* [THE DATA]
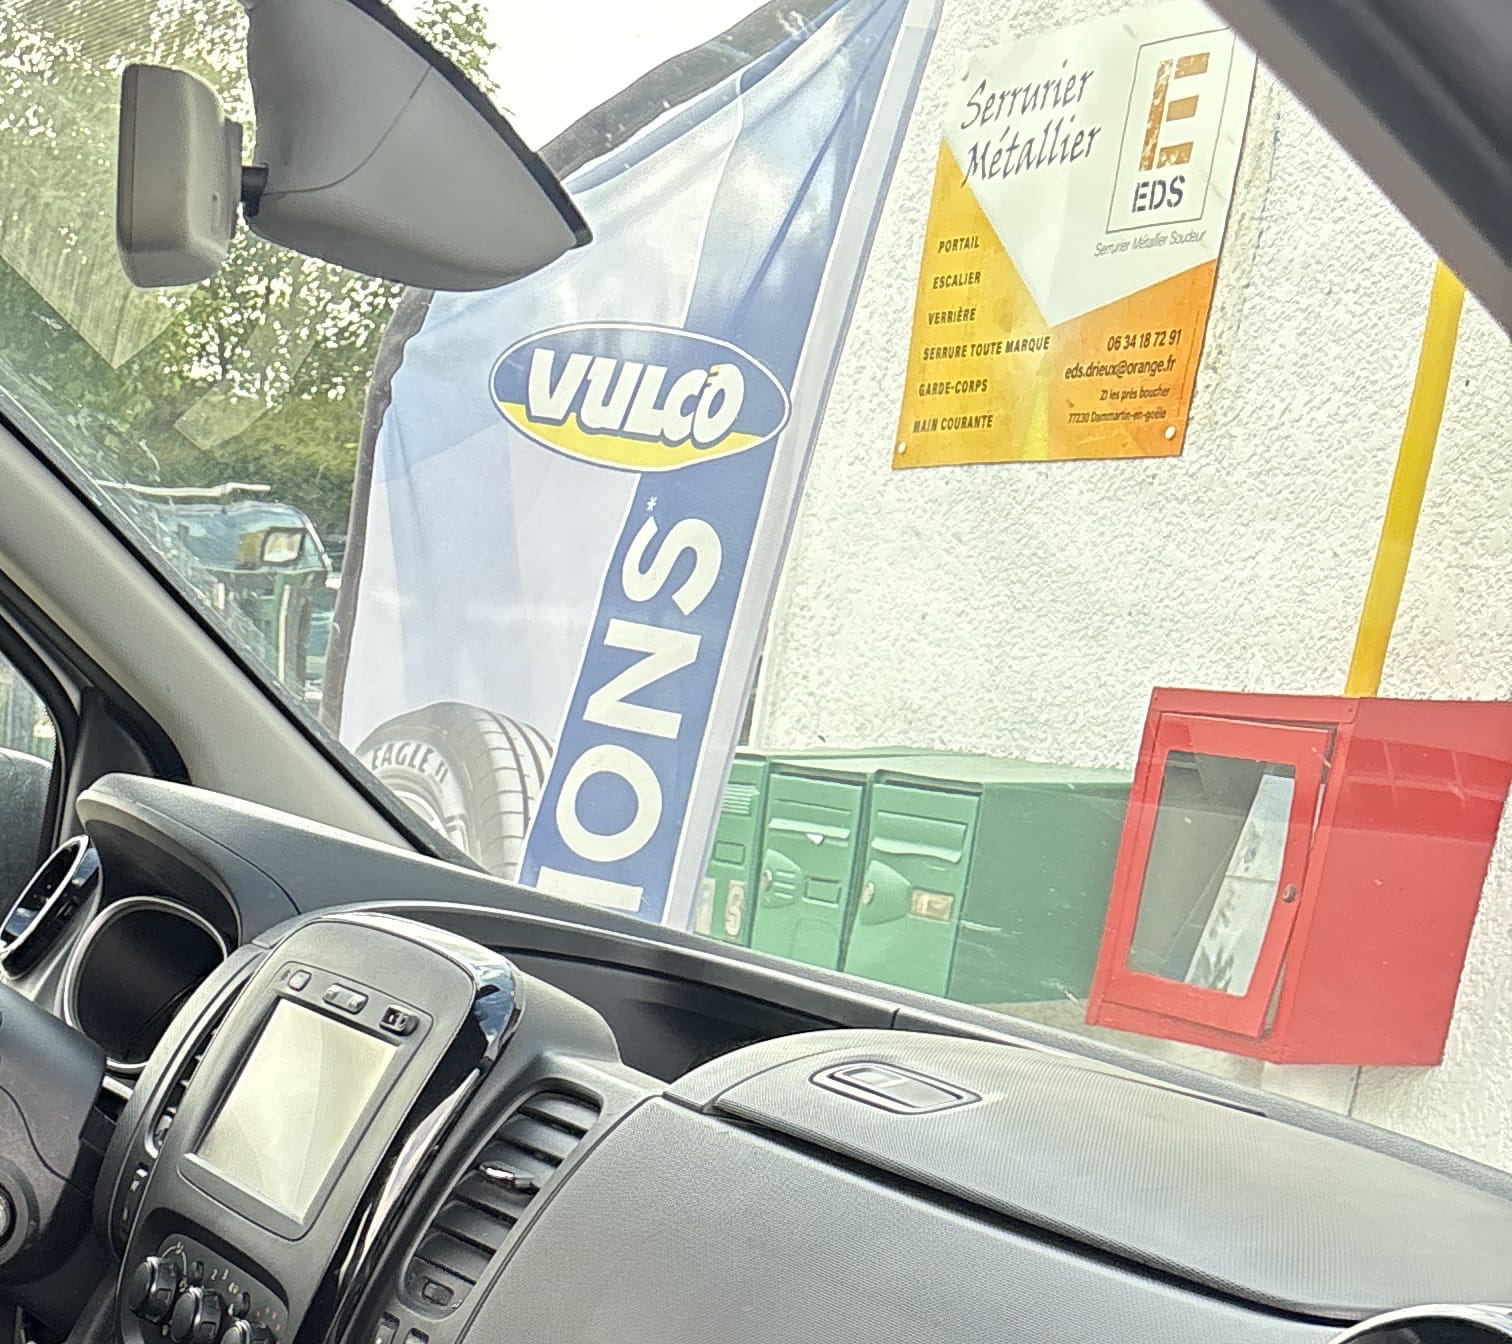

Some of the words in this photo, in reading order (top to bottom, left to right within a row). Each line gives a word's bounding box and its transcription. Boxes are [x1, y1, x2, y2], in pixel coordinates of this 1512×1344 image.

[960, 59, 1094, 130] Serrurier
[960, 114, 1102, 188] Métallier
[1131, 175, 1186, 213] EDS
[938, 236, 980, 253] PORTAIL
[932, 271, 982, 289] ESCALIER
[928, 307, 977, 325] VERRIÈRE
[923, 345, 968, 360] SERRURE
[970, 341, 1003, 356] TOUTE
[1005, 336, 1051, 353] MARQUE
[1106, 336, 1122, 352] 06
[1123, 334, 1137, 350] 34
[1139, 332, 1152, 349] 18
[1153, 330, 1167, 347] 72
[1168, 329, 1182, 345] 91
[528, 348, 745, 444] VULCO
[919, 379, 988, 396] GARDE-CORPS
[913, 420, 938, 433] MAIN
[940, 415, 994, 431] COURANTE
[371, 742, 435, 773] EAGLE

* [WORK TASK]
Take the whole listing above and copy it exactly. Pictures do not go into the copy.

* [PROBLEM SOLUTION]
Some of the words in this photo, in reading order (top to bottom, left to right within a row). Each line gives a word's bounding box and its transcription. Boxes are [x1, y1, x2, y2], in pixel coordinates of this 1512×1344 image.

[960, 59, 1094, 130] Serrurier
[960, 114, 1102, 188] Métallier
[1131, 175, 1186, 213] EDS
[938, 236, 980, 253] PORTAIL
[932, 271, 982, 289] ESCALIER
[928, 307, 977, 325] VERRIÈRE
[923, 345, 968, 360] SERRURE
[970, 341, 1003, 356] TOUTE
[1005, 336, 1051, 353] MARQUE
[1106, 336, 1122, 352] 06
[1123, 334, 1137, 350] 34
[1139, 332, 1152, 349] 18
[1153, 330, 1167, 347] 72
[1168, 329, 1182, 345] 91
[528, 348, 745, 444] VULCO
[919, 379, 988, 396] GARDE-CORPS
[913, 420, 938, 433] MAIN
[940, 415, 994, 431] COURANTE
[371, 742, 435, 773] EAGLE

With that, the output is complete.